◆ Exercise details: Every record below should be written out exactly; pictures stay out.

◆ Available records:

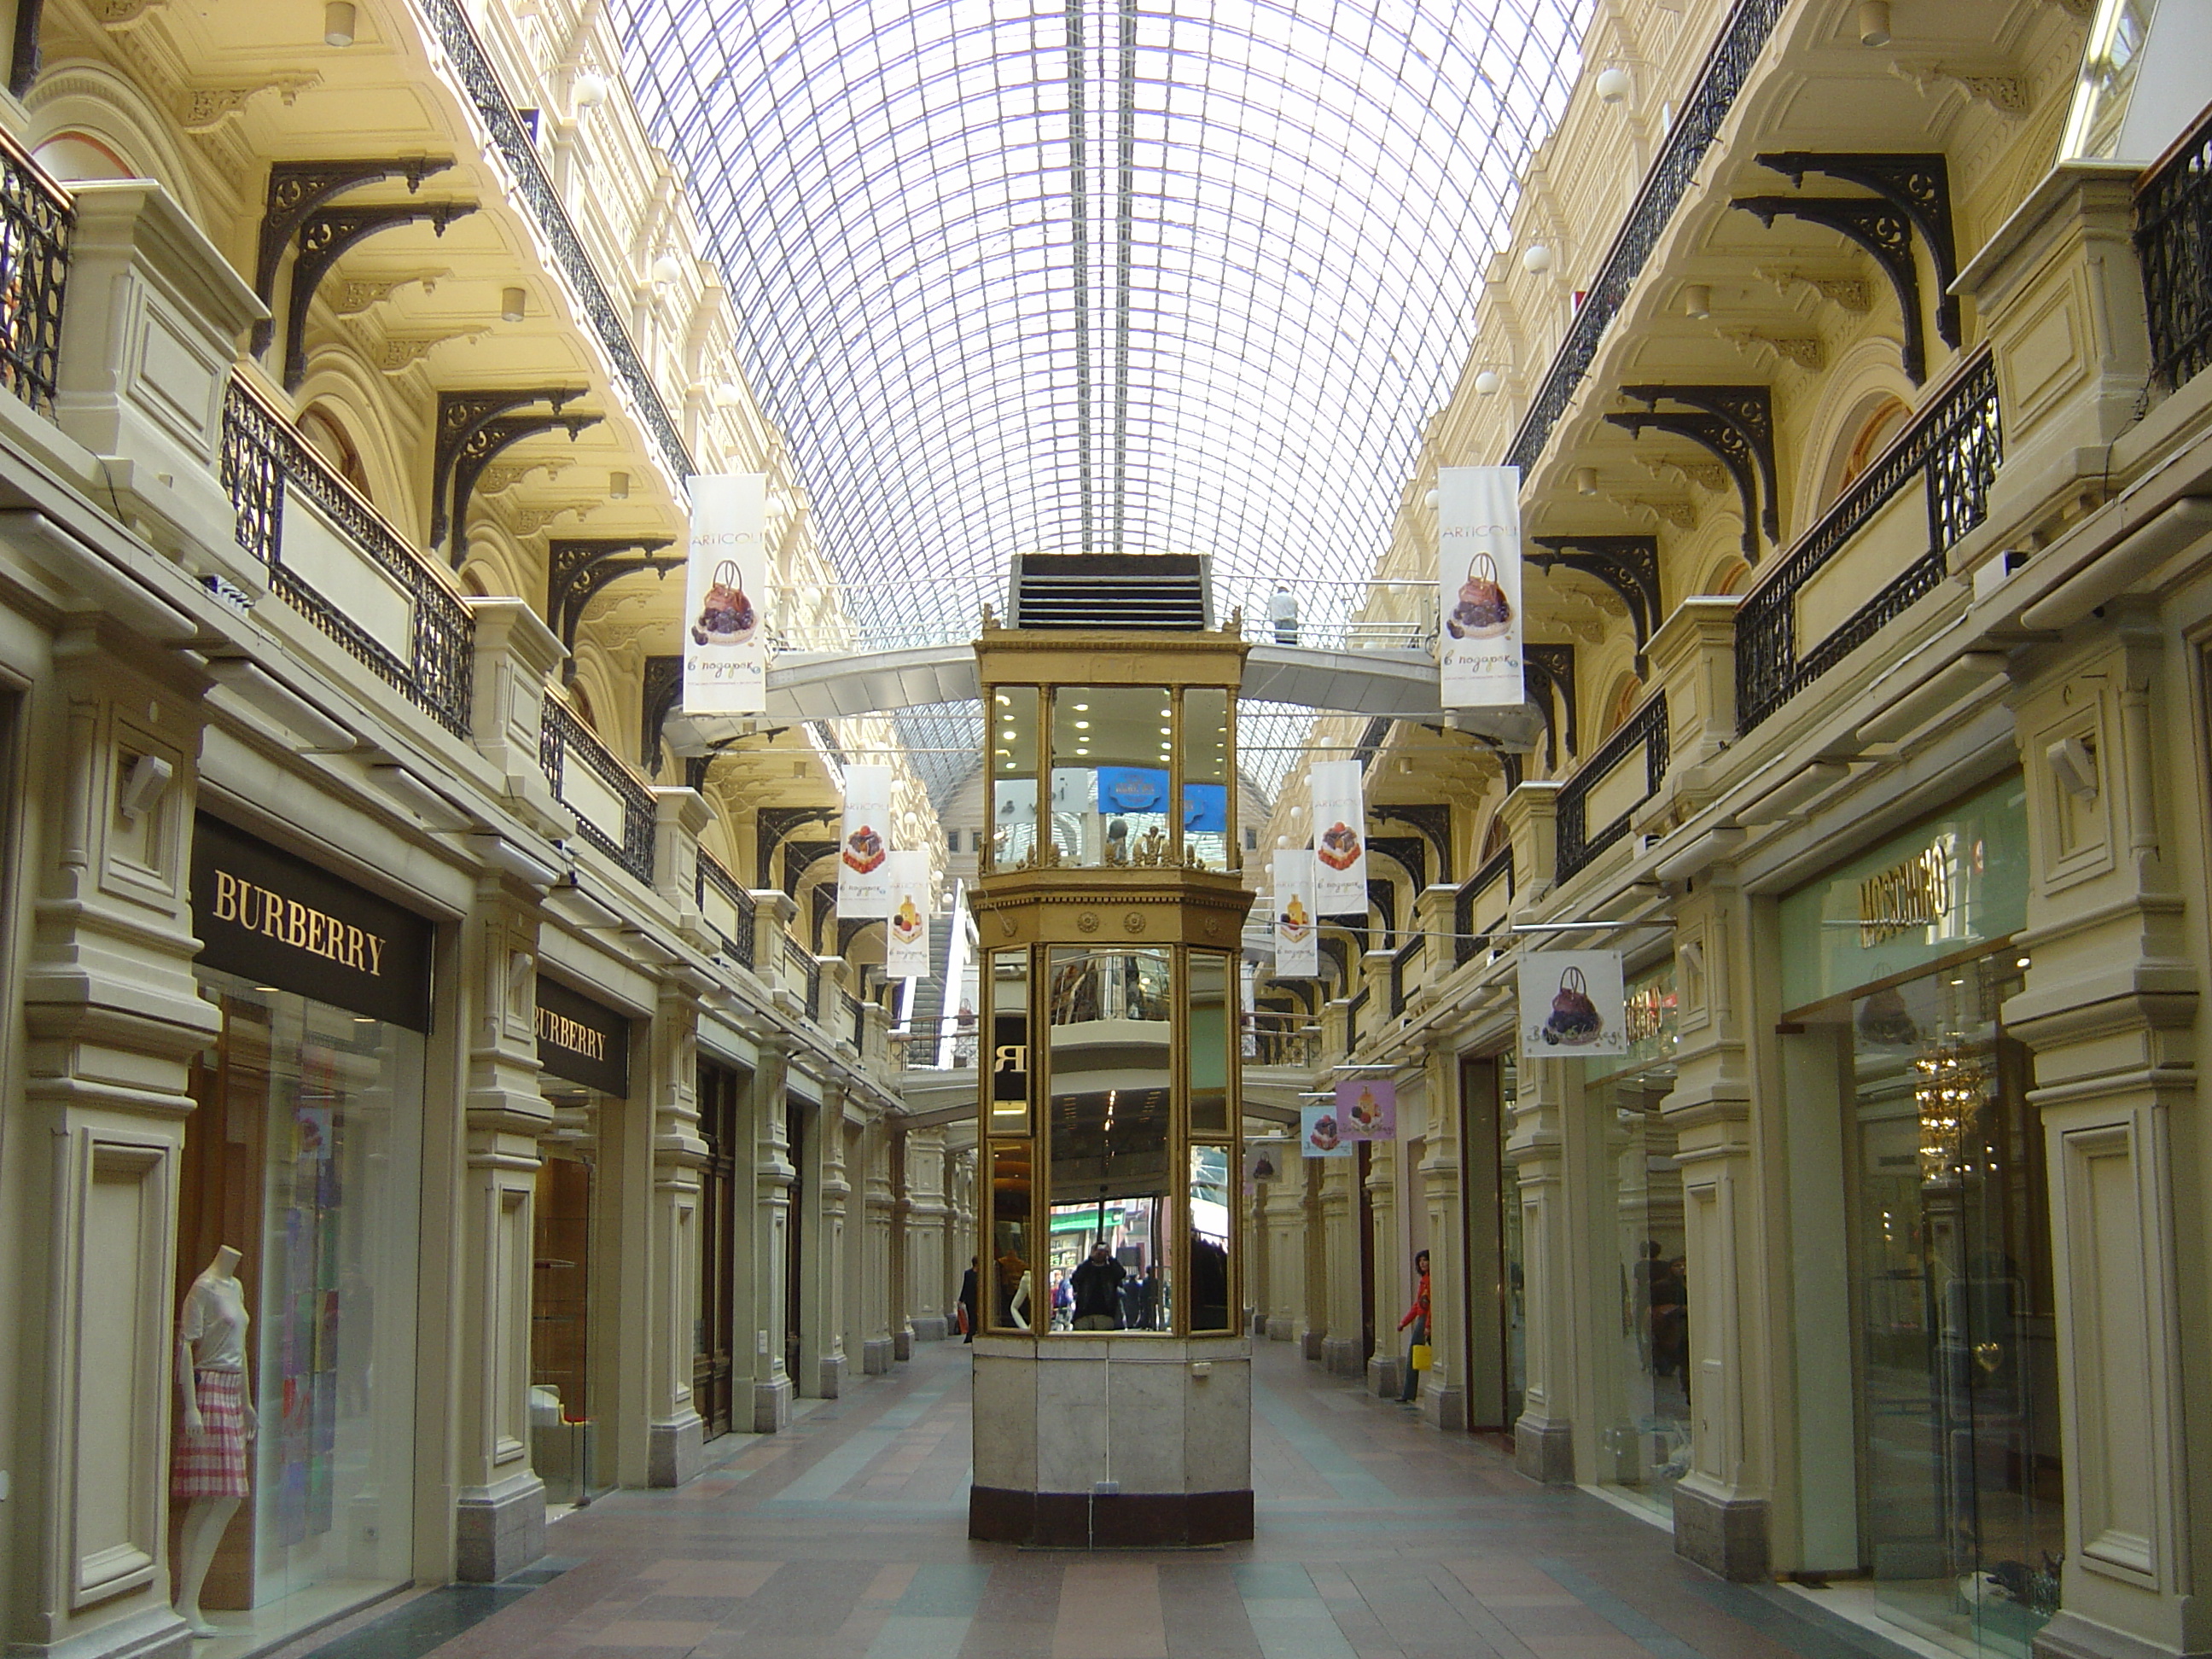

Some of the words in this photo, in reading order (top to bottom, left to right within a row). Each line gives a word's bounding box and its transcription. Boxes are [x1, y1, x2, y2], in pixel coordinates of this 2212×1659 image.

[691, 533, 762, 545] ARTICOLI
[1442, 525, 1516, 538] ARTICOLI
[212, 868, 386, 976] BURBERRY
[1859, 844, 1947, 948] MOSCHINO
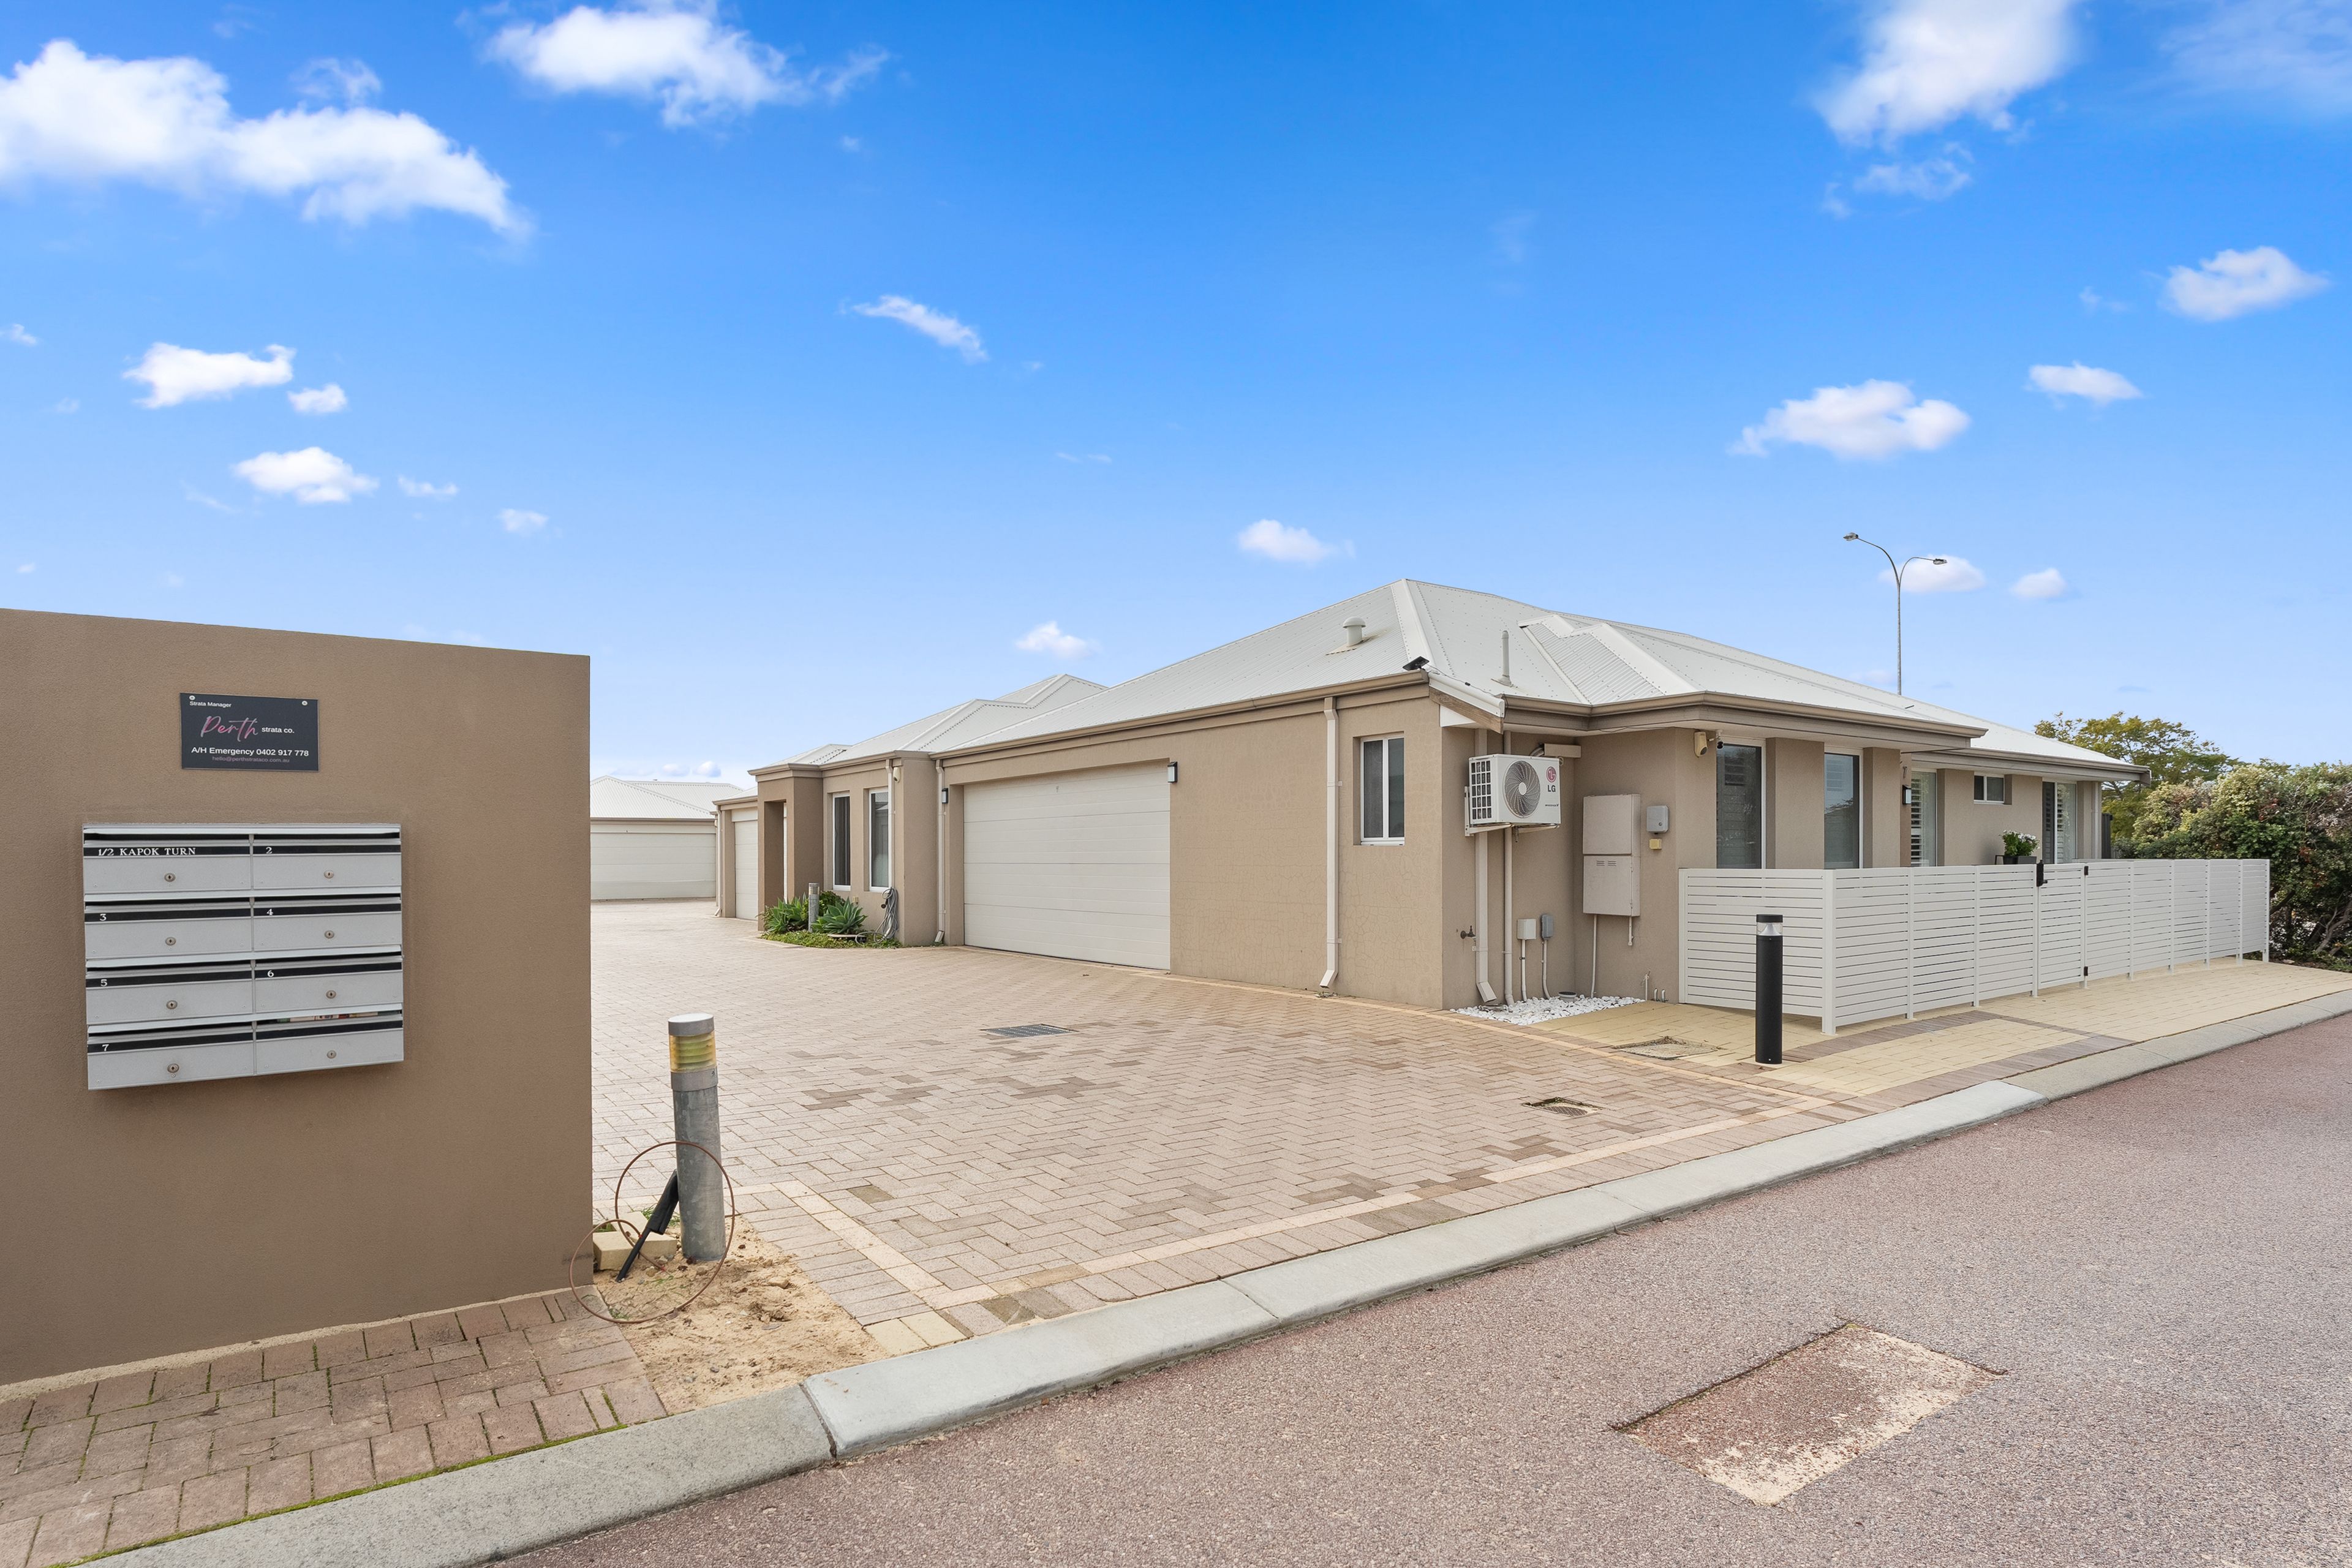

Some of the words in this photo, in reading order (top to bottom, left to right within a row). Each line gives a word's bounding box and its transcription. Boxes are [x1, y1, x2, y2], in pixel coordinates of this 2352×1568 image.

[200, 715, 258, 742] Perth
[209, 747, 254, 756] Emergency
[98, 848, 115, 856] 1/2
[164, 847, 196, 856] TURN

◆ Expected answer:
Some of the words in this photo, in reading order (top to bottom, left to right within a row). Each line gives a word's bounding box and its transcription. Boxes are [x1, y1, x2, y2], in pixel coordinates of this 2212×1659 image.

[691, 533, 762, 545] ARTICOLI
[1442, 525, 1516, 538] ARTICOLI
[212, 868, 386, 976] BURBERRY
[1859, 844, 1947, 948] MOSCHINO

Some of the words in this photo, in reading order (top to bottom, left to right within a row). Each line gives a word's bounding box and its transcription. Boxes are [x1, y1, x2, y2], in pixel coordinates of this 2352×1568 image.

[200, 715, 258, 742] Perth
[209, 747, 254, 756] Emergency
[98, 848, 115, 856] 1/2
[164, 847, 196, 856] TURN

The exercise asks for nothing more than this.